I don't mind hearing neighbors off in the distance...the trees do a decent job of dampening their going-ons. Plus, if I need to socially interact, I can or not. I see my neighbors once a year on average (I have seen my neighbors two over more because I like to chat on a nice summer evening). And thankfully, we don't gun enthusiasts up here...lol
Sure, we hear them during hunting season in the mountains. No trains, no real hwys, no heavy industry. 
I wonder how there is any secluded spots left in the states?! I mean, there are about 320 million of you. Most of whom, clamor for the warm states. I do like the idea of a warm spot, but within reason, and south of the Dixon line, it gets too hot in high summer. 
And all of the good spots have been taken, leaving the dregs. 

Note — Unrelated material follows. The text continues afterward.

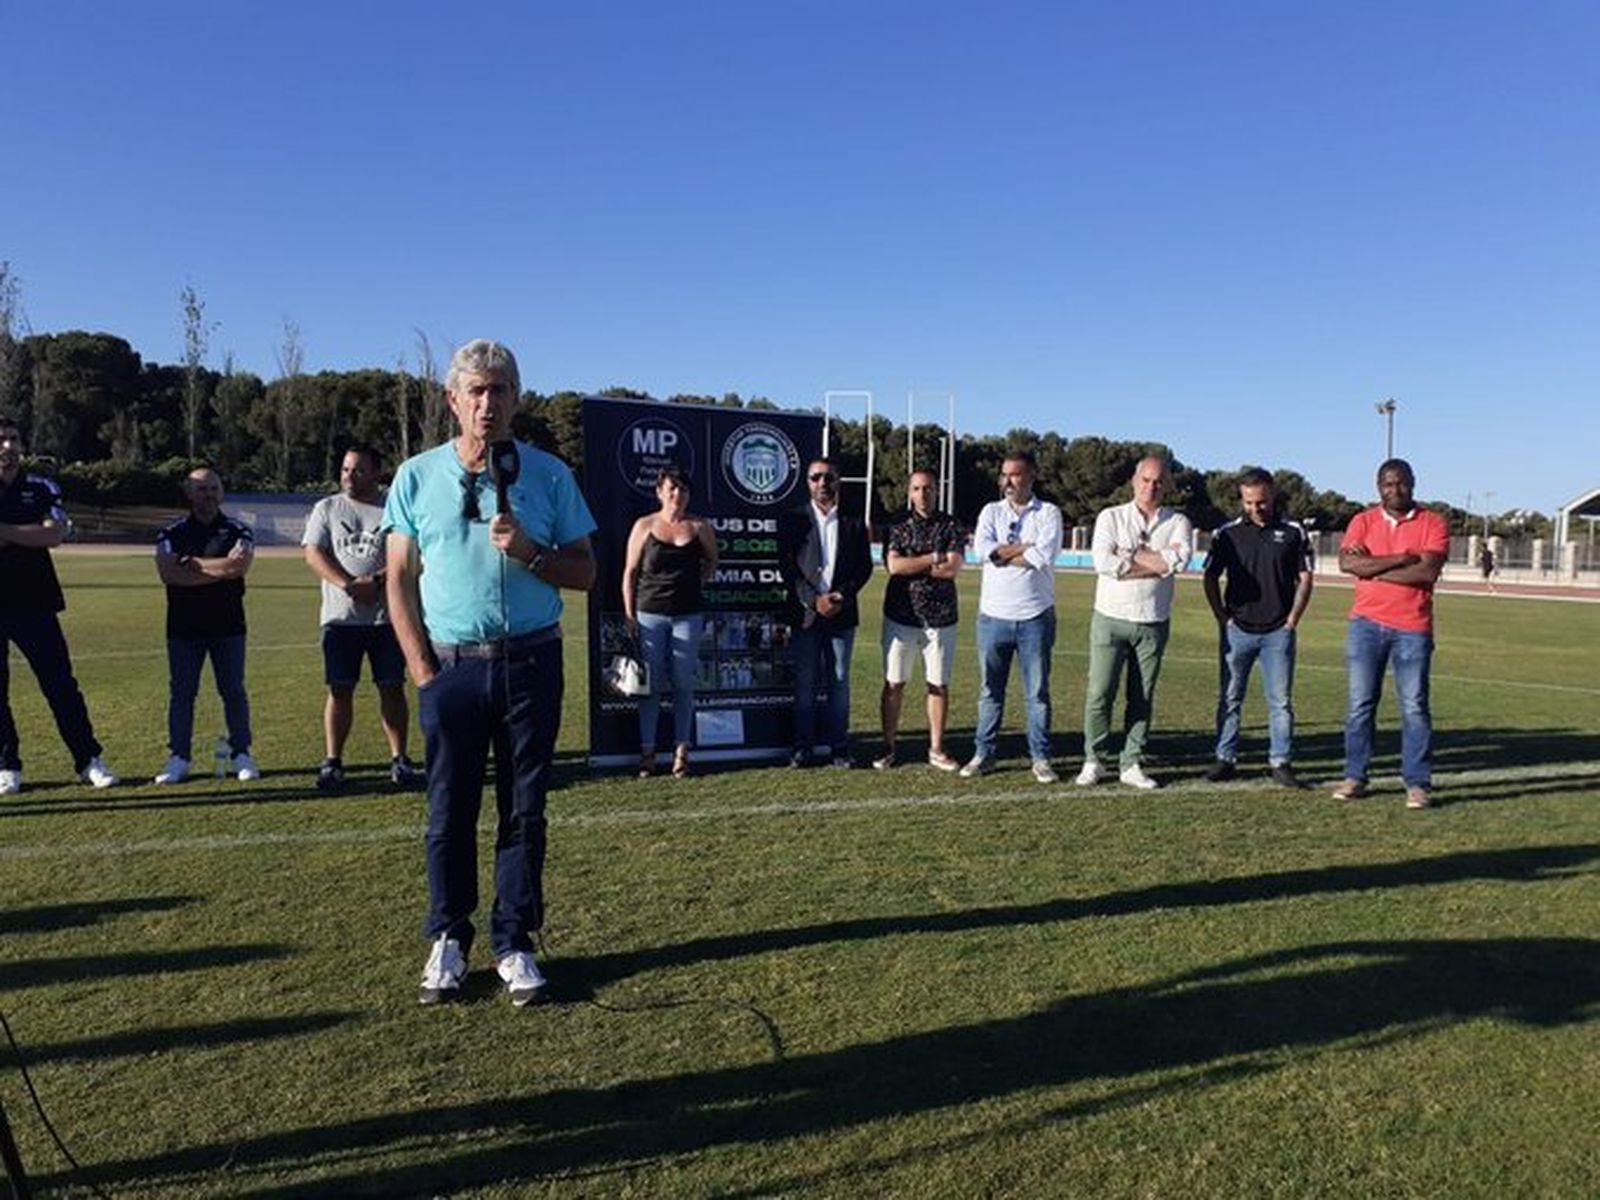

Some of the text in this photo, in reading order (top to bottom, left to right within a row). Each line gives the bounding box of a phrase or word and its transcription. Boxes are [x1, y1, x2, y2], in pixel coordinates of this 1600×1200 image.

[632, 427, 677, 455] MP
[709, 518, 778, 533] US DE
[733, 538, 778, 553] 202
[713, 569, 756, 583] MIA

The most important thing for me is a place where one wakes up in morning on their own accord, and the view is the same as when they went to bed (not seeing neighbors). And when one steps out of their home, they can do whatever they want, make whatever noise they want, without a peep from anybody. A place where nobody visits you, unless you invite them. You get no canvassers, salesmen or accidental visitors. No planes buzz you (I get the occasional float plane in summer...drives me batty...lol).


----------



## Xanatosnemos (Nov 18, 2016)

that Sounds lovely. Im trying to get 50 acres or so to follow joel salatin methods.


----------



## TnAndy (Sep 15, 2005)

Xanatosnemos said:


> ...... follow joel salatin methods.


You're gonna get free labor from interns and lots of money from speaking fees and seminars ?

Good gig if you can get it !


----------



## TnAndy (Sep 15, 2005)

topside1 said:


> 95 counties, long thin state....Enjoy your dream.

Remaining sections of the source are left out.